Sorry for the delay. If you looks at the materials that Aleph Objects sent along with your printer there is a check sheet signed by the person who calibrated your printer. One of the values on that sheet was the Z-Offset that is hard-coded into your firmware. It’s slightly different for every Mini. What I would do is carefully watch the printer as it’s laying down plastic on the first layer, if it looks like the nozzle is too close or too far from the print bed, then adjusting the Z-offset in Cura is an easy way to fix that. Adjusting the filament diameter and feed % will sort of fix that problem too, but you won’t actually be fixing the root cause, just doing a work around, that will have a negative effect on all layers but the first layer. The Z-Offset parameter is how you fix height problems for the first layer specifically, which seems to be a good portion of your problem.

TLDR; Fiddle with it a bit, try different values, see if it improves.

Seems like you’re making progress. Let us know how it goes.

-James

I just tried the Fleks3D on my Lulzbot TAZ5 and didn’t turn on the heated bed. Of course I first tried a hard print in ABS and couldn’t get the first layer to stick. I’m a little discouraged with it at this point and might have wasted my money.

Any suggestions?

Steve

I don’t want to come off as too negative, but I really seriously doubt you’ll get better results with the Fleks3D plates than you do with your heated bed printing in ABS. The problem with ABS prints sticking, has nothing to do with adhesion, or stickiness if you will. The problem with ABS is that as it cools the material shrinks, quite a lot.

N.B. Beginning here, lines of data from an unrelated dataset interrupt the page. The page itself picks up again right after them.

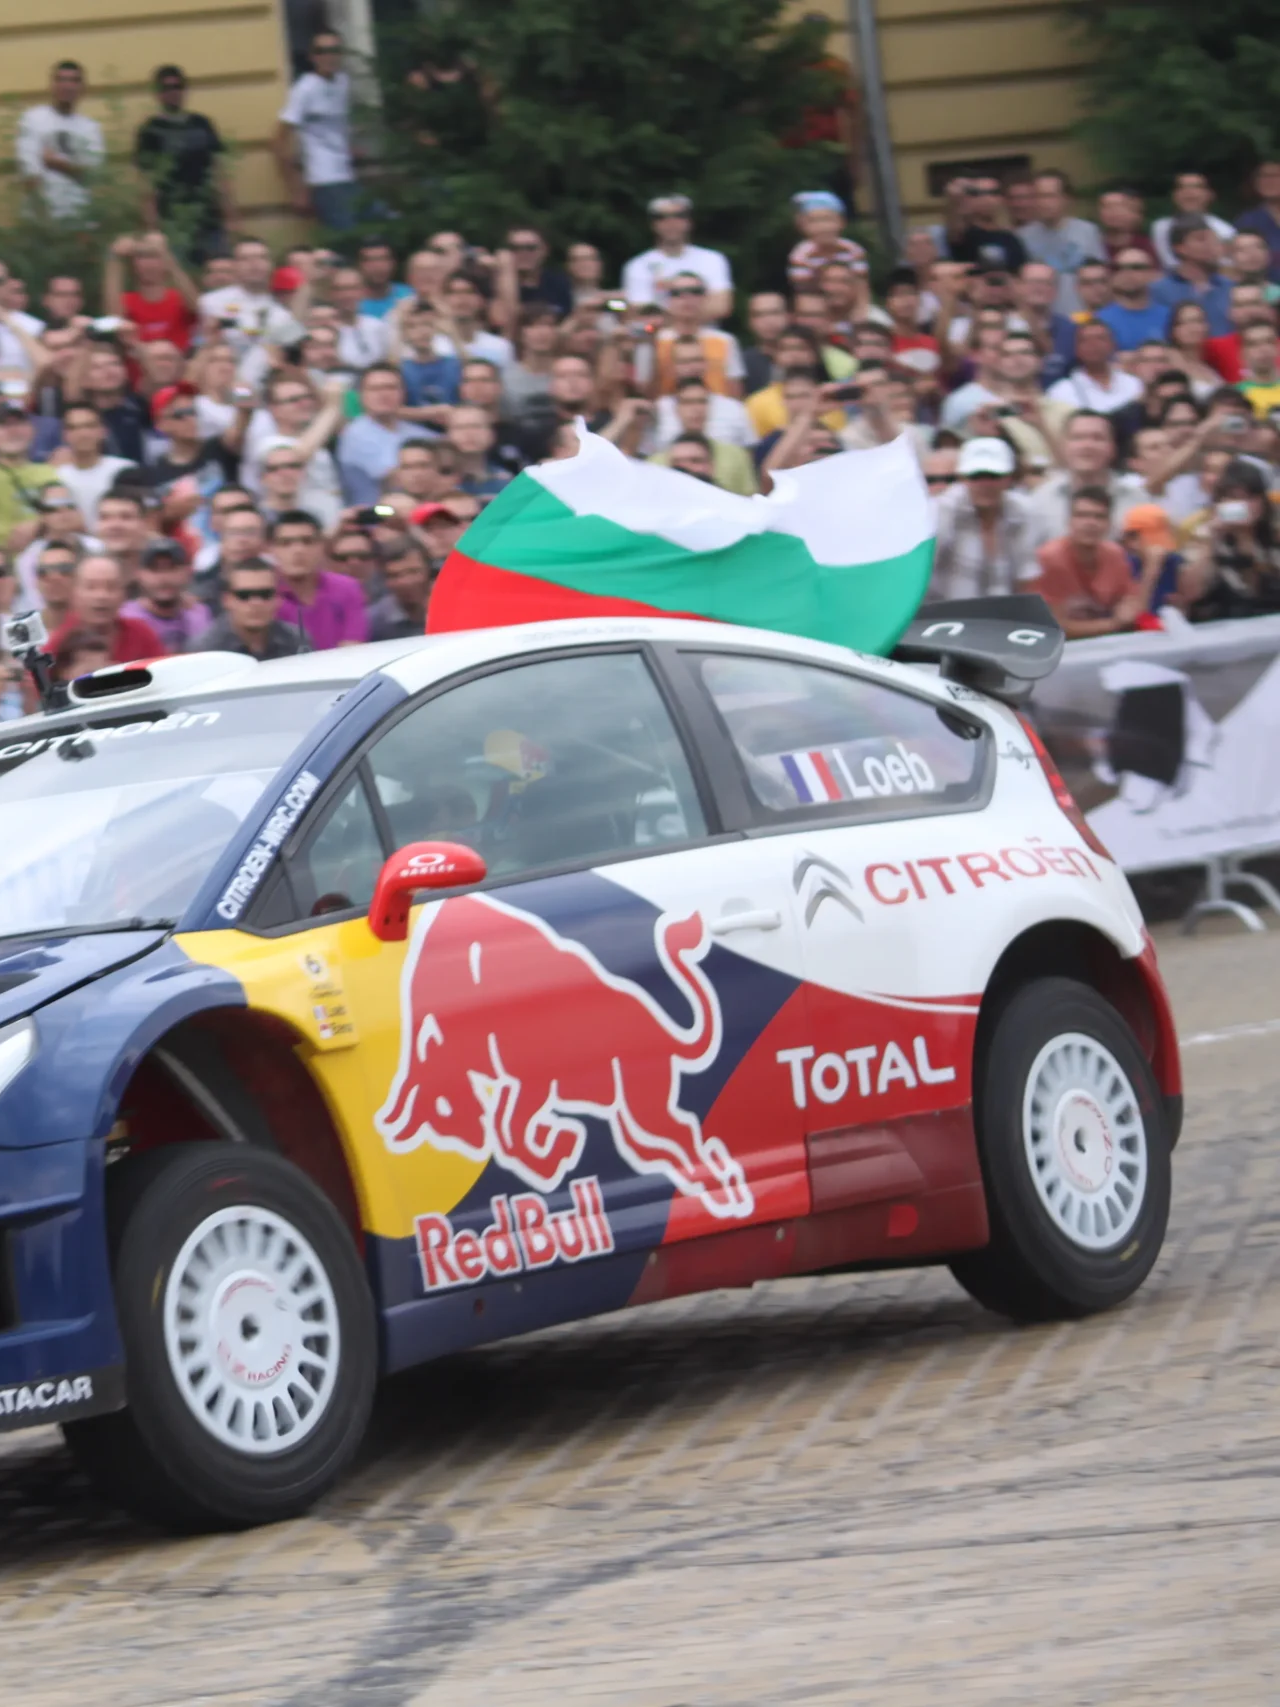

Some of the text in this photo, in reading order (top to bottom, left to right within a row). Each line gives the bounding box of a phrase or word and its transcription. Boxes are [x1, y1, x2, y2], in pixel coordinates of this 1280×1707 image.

[832, 741, 935, 799] Loeb
[864, 836, 1101, 906] CITROËN
[776, 1036, 955, 1108] TOTAL
[415, 1174, 613, 1291] Red Bull
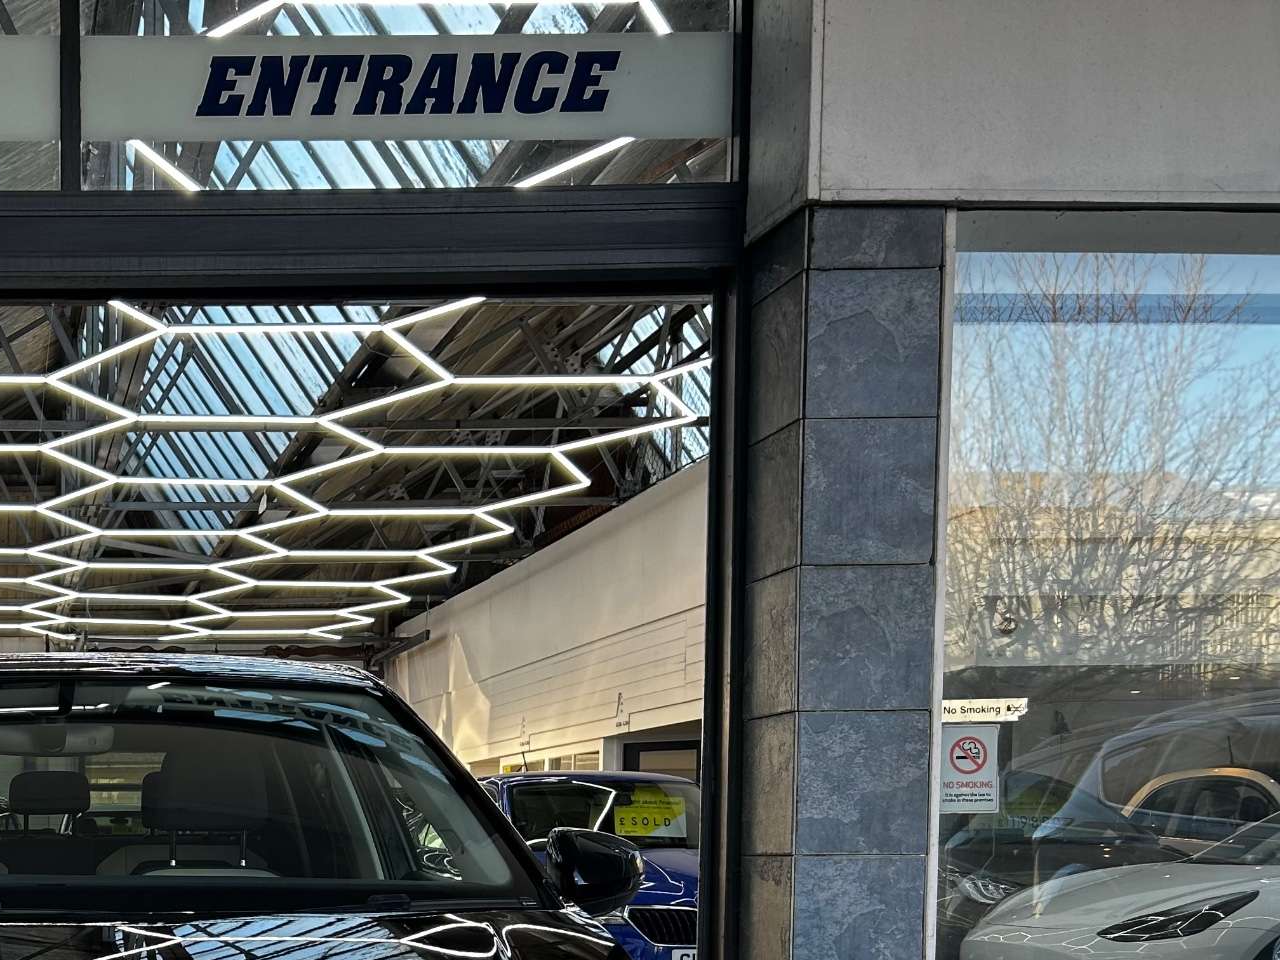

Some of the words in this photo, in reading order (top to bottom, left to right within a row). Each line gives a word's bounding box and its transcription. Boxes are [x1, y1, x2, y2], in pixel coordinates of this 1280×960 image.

[195, 50, 622, 117] ENTRANCE
[943, 706, 957, 715] No
[960, 705, 1001, 717] Smoking
[943, 781, 955, 789] NO
[955, 781, 993, 789] SMOKING
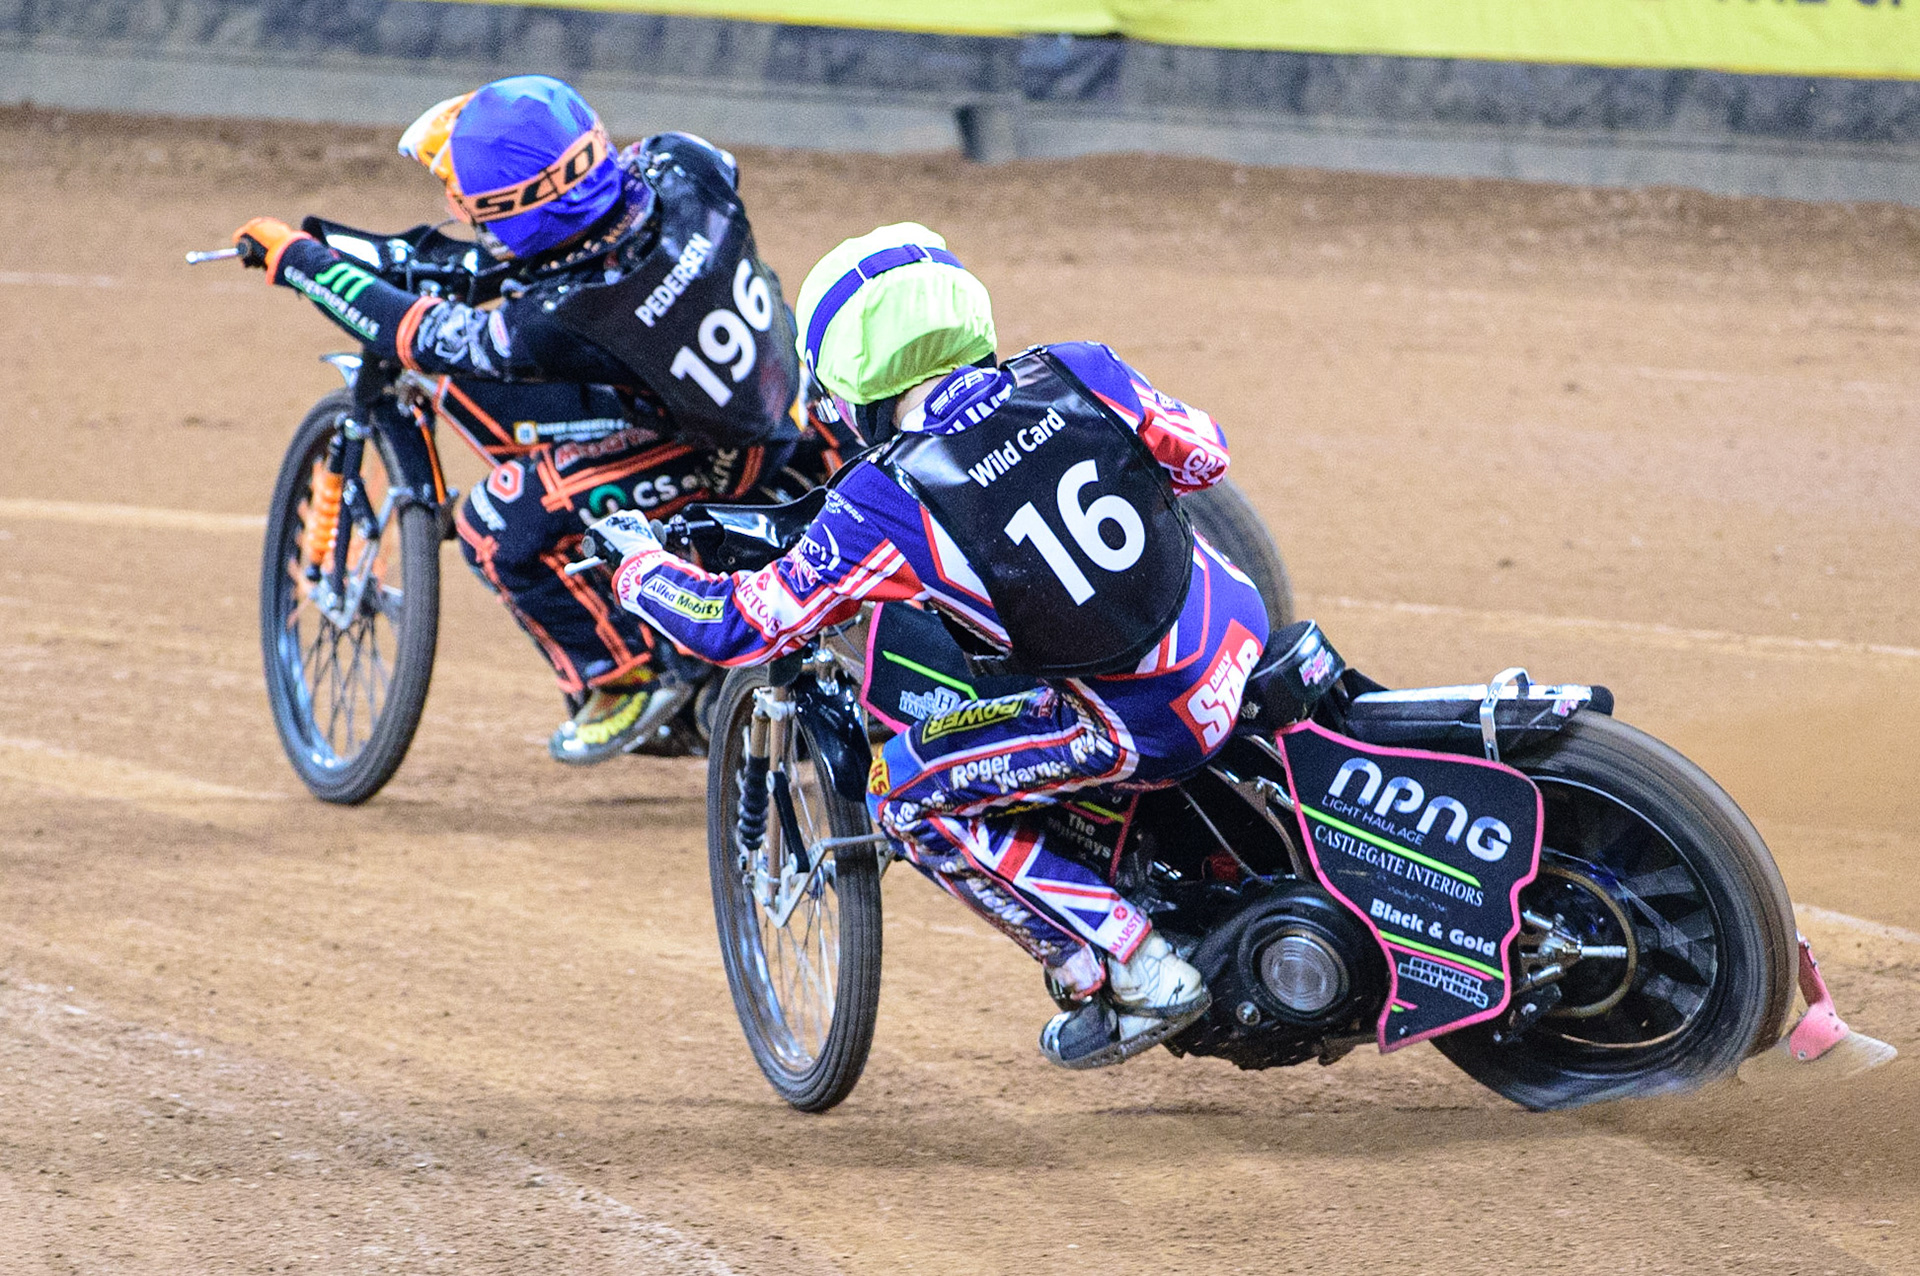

This causes the plastic to rip itself free of the build plate and warp pretty badly, the best way to combat this, no the only way to combat this, is to control the cooling process. A heated bed keeps the plastic from shrinking on the bottom couple layers, and thus it sticks well. A heated build chamber would keep the whole part from shrinking too quickly, and the deformation would be nice and uniform.

TLDR; No matter what marketing tells you, nothing beats heat for ABS.

And just in case this offended anyone, I’m not saying it’s impossible to print in ABS without a heated bed or build chamber, there is plenty of evidence of people doing just that, but you need to pay very careful attention to the entire process, including the model geometries you are printing.

-James

Out of curiosity, why are you using HIPS?

I’ve found:

PLA - Best dimensional accuracy, but shatters

ABS - Tougher, can warp a bit. Wears better than PLA.

Nylon - Really tough, tends to warp. I swear by Taulman.

HIPS - Nice dimensionally, nice quality, and ABS/PLA stick to it. But brittle…

I got HIPS originally for doing “lost foam casting”, but it doesn’t burn out cleanly enough, so it usually just sits on the shelf (If I’m burning out in an oven anyway, PLA smells much better).